Would you copy out each line of the records below that includes the word "ROTATING"?

━━━━━ Data for this exercise

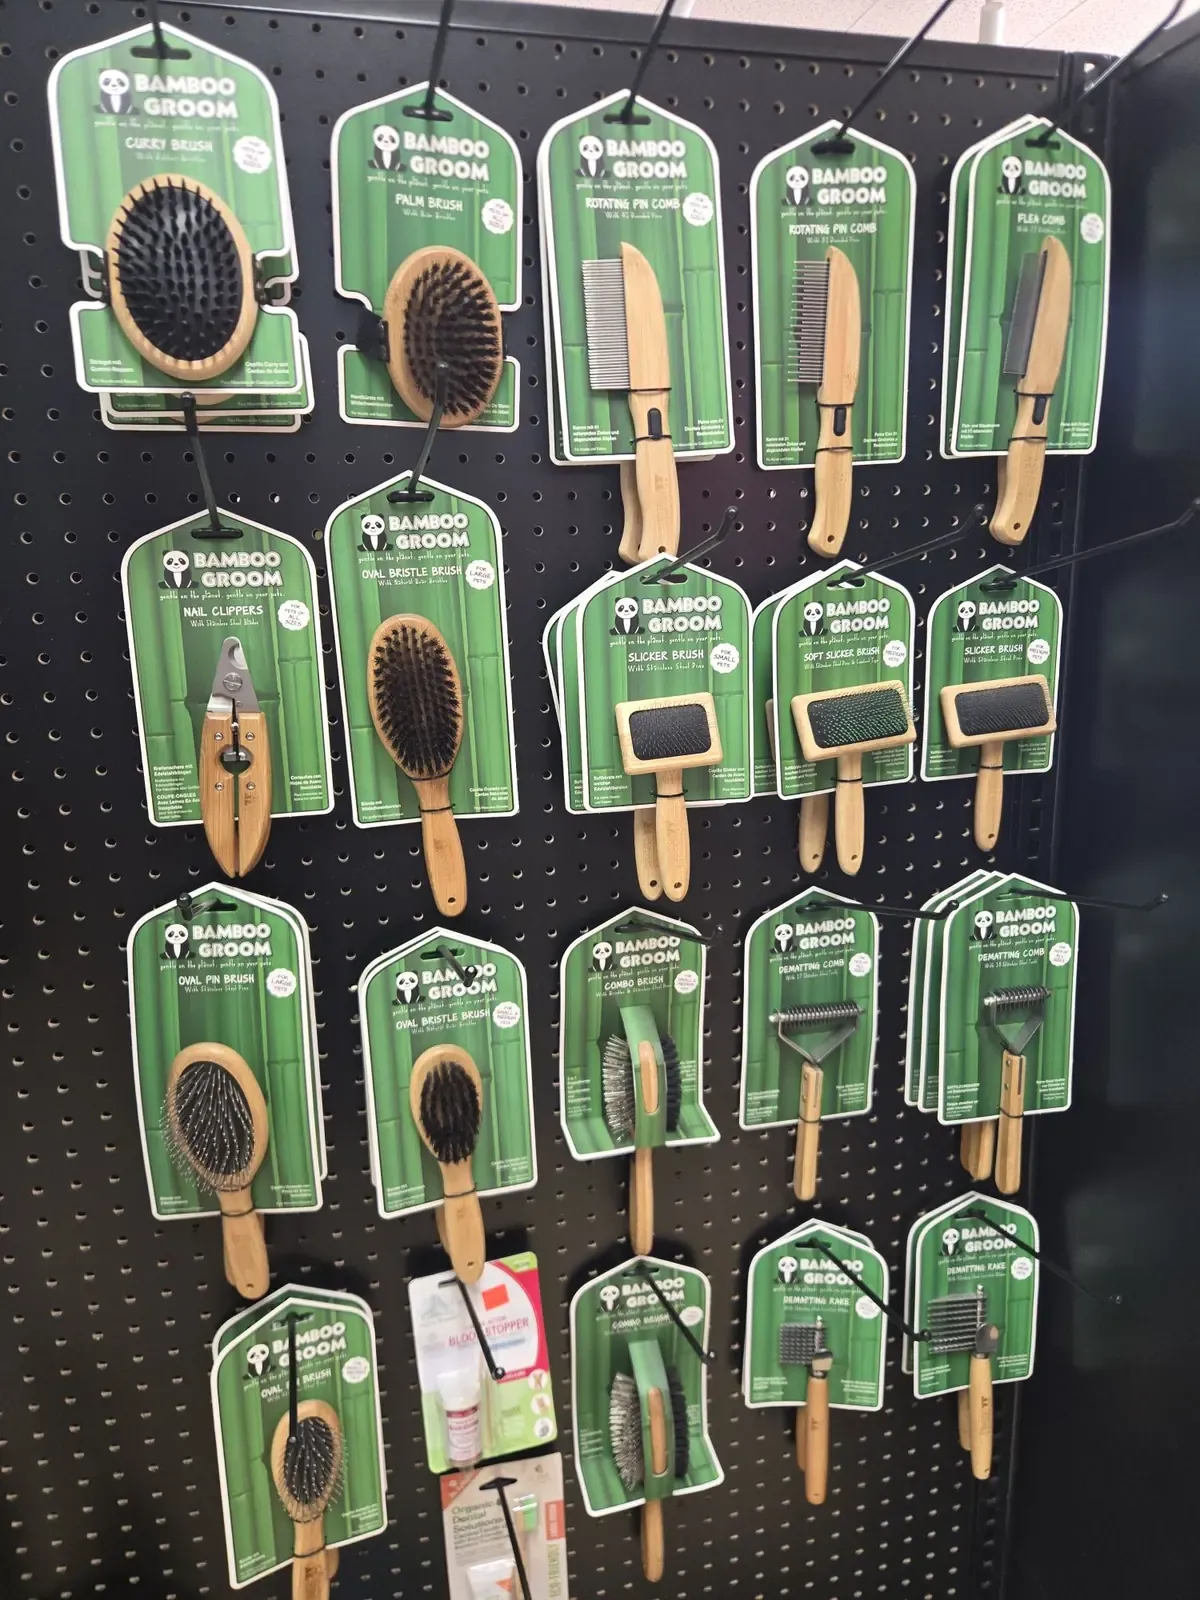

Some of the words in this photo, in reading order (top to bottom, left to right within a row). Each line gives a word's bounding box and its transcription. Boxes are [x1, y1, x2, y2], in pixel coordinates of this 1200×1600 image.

[133, 73, 236, 96] BAMBOO
[143, 97, 239, 119] GROOM
[125, 137, 166, 150] CURRY
[171, 138, 213, 152] BRUSH
[404, 131, 490, 159] BAMBOO
[606, 139, 686, 158] BAMBOO
[410, 155, 490, 181] GROOM
[613, 160, 688, 179] GROOM
[812, 166, 887, 185] BAMBOO
[1024, 160, 1087, 180] BAMBOO
[817, 187, 886, 205] GROOM
[1028, 180, 1087, 199] GROOM
[396, 193, 424, 208] PALM
[428, 197, 463, 211] BRUSH
[585, 197, 630, 210] ROTATING
[633, 198, 649, 209] PIN
[651, 197, 681, 210] COMB
[1017, 213, 1039, 224] FLEA
[789, 224, 829, 236] ROTATING
[833, 223, 848, 234] PIN
[850, 222, 877, 234] COMB
[389, 513, 469, 531] BAMBOO
[396, 532, 470, 549] GROOM
[193, 551, 281, 568] BAMBOO
[201, 570, 283, 587] GROOM
[362, 569, 385, 579] OVAL
[389, 567, 428, 578] BRISTLE
[432, 565, 462, 576] BRUSH
[184, 606, 207, 617] NAIL
[212, 605, 264, 617] CLIPPERS
[642, 596, 722, 614] BAMBOO
[826, 598, 890, 617] BAMBOO
[979, 599, 1039, 615] BAMBOO
[648, 615, 722, 633] GROOM
[830, 615, 889, 633] GROOM
[982, 615, 1038, 630] GROOM
[628, 651, 668, 662] SLICKER
[672, 649, 704, 660] BRUSH
[804, 652, 824, 662] SOFT
[826, 648, 854, 660] SLICKER
[857, 647, 880, 656] BRUSH
[964, 646, 995, 655] SLICKER
[998, 644, 1024, 653] BRUSH
[996, 905, 1056, 923] BAMBOO
[192, 923, 272, 940] BAMBOO
[796, 917, 855, 936] BAMBOO
[1000, 920, 1055, 938] GROOM
[198, 941, 272, 958] GROOM
[616, 936, 680, 954] BAMBOO
[799, 932, 855, 950] GROOM
[620, 949, 680, 968] GROOM
[978, 951, 1020, 962] DEMATTING
[1023, 947, 1045, 957] COMB
[779, 961, 820, 974] DEMATTING
[823, 959, 845, 968] COMB
[178, 975, 202, 986] OVAL
[205, 974, 220, 984] PIN
[223, 974, 255, 984] BRUSH
[428, 979, 497, 999] GROOM
[604, 980, 634, 991] COMBO
[638, 975, 664, 986] BRUSH
[396, 1020, 418, 1030] OVAL
[421, 1013, 458, 1026] BRISTLE
[462, 1008, 491, 1019] BRUSH
[485, 1317, 529, 1337] STOPPER
[302, 1368, 332, 1385] BRUSH

━━━━━━━━━━

**Exercise response**
[585, 197, 630, 210] ROTATING
[789, 224, 829, 236] ROTATING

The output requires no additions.